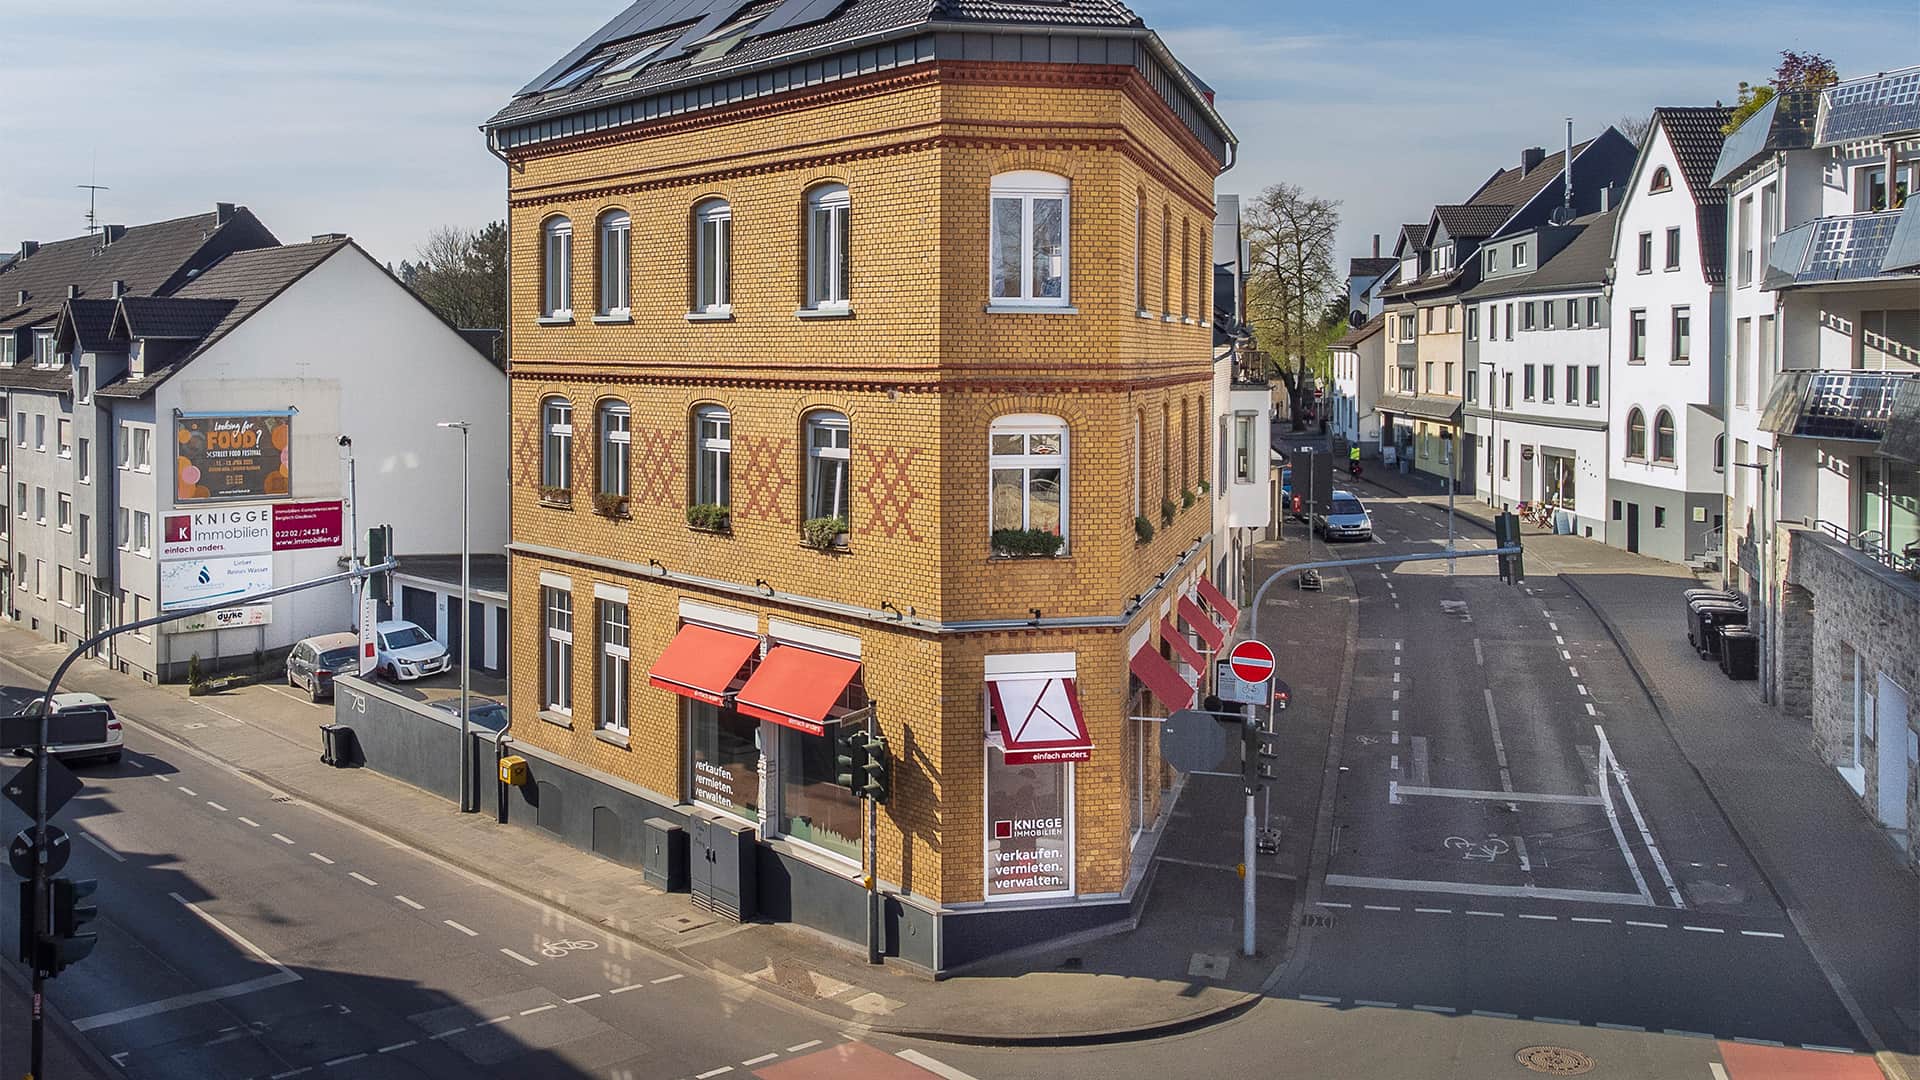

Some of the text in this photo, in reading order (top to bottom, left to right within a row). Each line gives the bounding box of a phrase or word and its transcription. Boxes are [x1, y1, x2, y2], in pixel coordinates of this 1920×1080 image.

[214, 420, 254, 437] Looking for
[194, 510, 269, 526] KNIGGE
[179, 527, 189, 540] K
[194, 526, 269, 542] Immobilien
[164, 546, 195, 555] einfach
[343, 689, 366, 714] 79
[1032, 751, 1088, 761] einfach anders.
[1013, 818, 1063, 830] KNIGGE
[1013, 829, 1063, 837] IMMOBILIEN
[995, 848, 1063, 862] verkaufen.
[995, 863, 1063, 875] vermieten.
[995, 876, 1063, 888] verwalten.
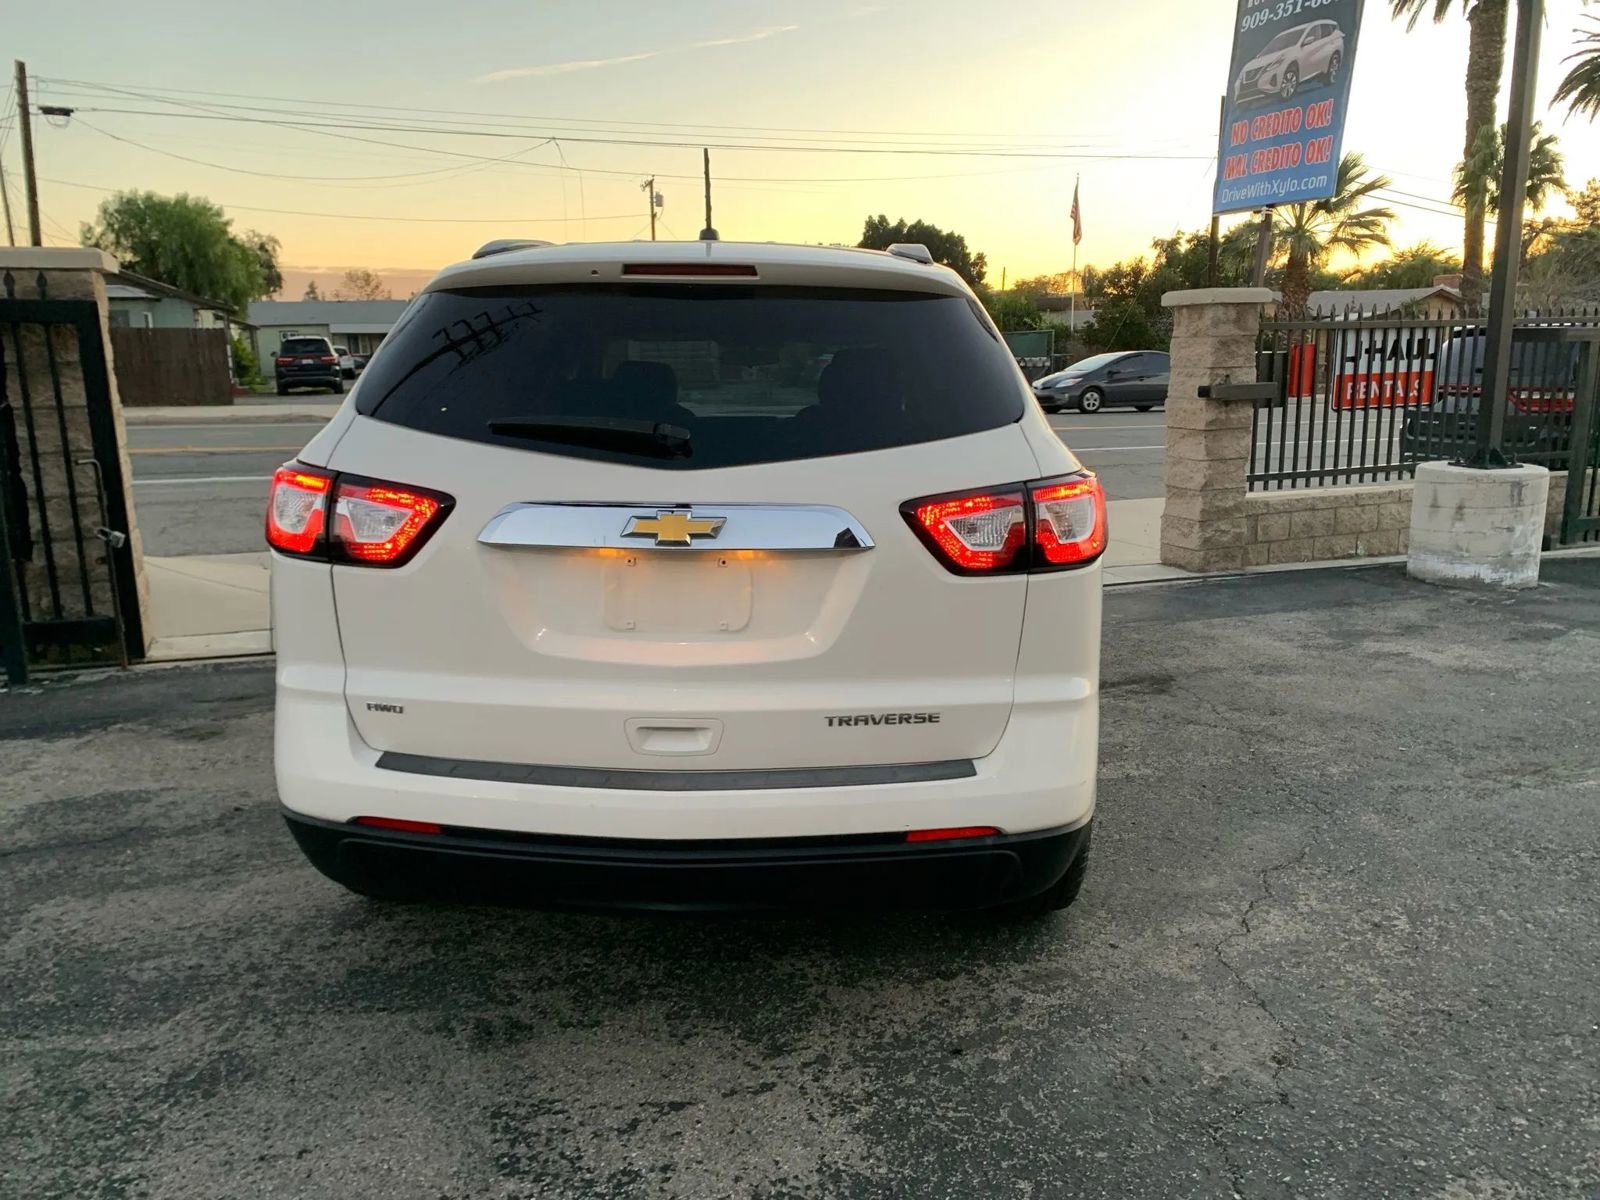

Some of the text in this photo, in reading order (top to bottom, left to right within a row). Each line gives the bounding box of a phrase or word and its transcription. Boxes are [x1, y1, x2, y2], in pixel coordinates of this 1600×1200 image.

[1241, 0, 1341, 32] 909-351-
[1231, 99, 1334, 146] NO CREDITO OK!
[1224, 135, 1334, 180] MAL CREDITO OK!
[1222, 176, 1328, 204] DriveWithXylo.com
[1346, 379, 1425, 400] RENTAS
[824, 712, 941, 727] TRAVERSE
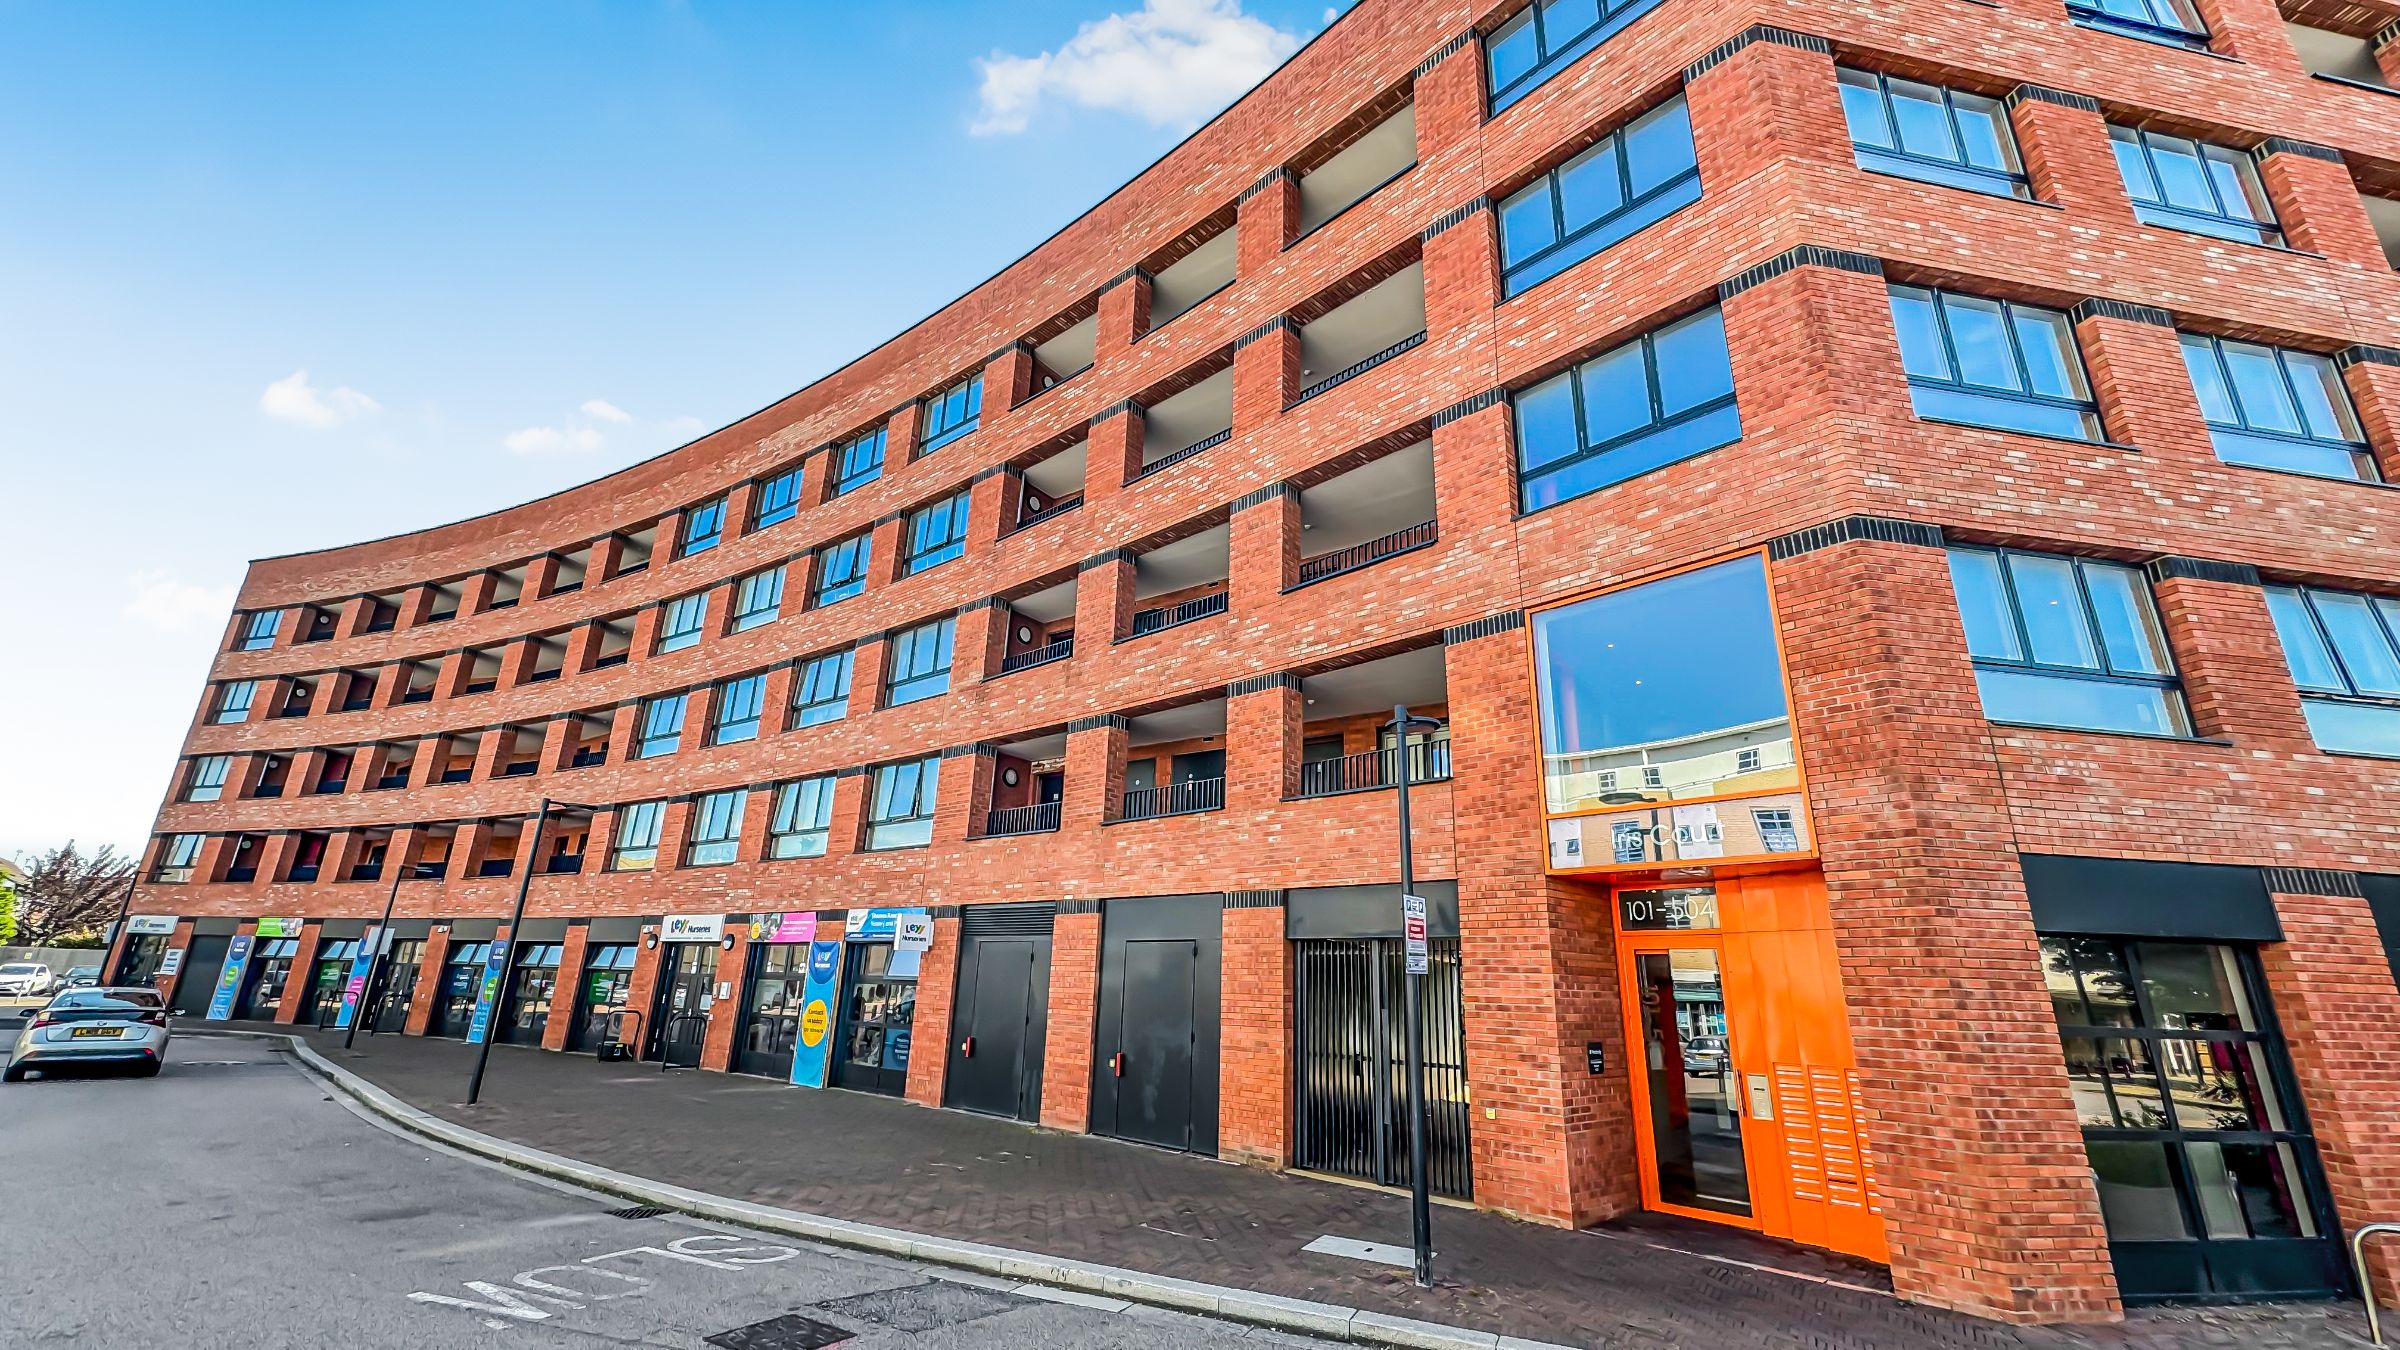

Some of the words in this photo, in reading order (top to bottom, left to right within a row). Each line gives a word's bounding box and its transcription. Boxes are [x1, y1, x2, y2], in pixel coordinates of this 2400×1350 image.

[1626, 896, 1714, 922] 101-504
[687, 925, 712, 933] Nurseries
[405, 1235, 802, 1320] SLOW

Exercise objective
Only the lines from the line with "Some of the words" to the final line of the entries are to be returned, each exactly as written, both ends included.

Task solution
Some of the words in this photo, in reading order (top to bottom, left to right within a row). Each line gives a word's bounding box and its transcription. Boxes are [x1, y1, x2, y2], in pixel coordinates of this 2400×1350 image.

[1626, 896, 1714, 922] 101-504
[687, 925, 712, 933] Nurseries
[405, 1235, 802, 1320] SLOW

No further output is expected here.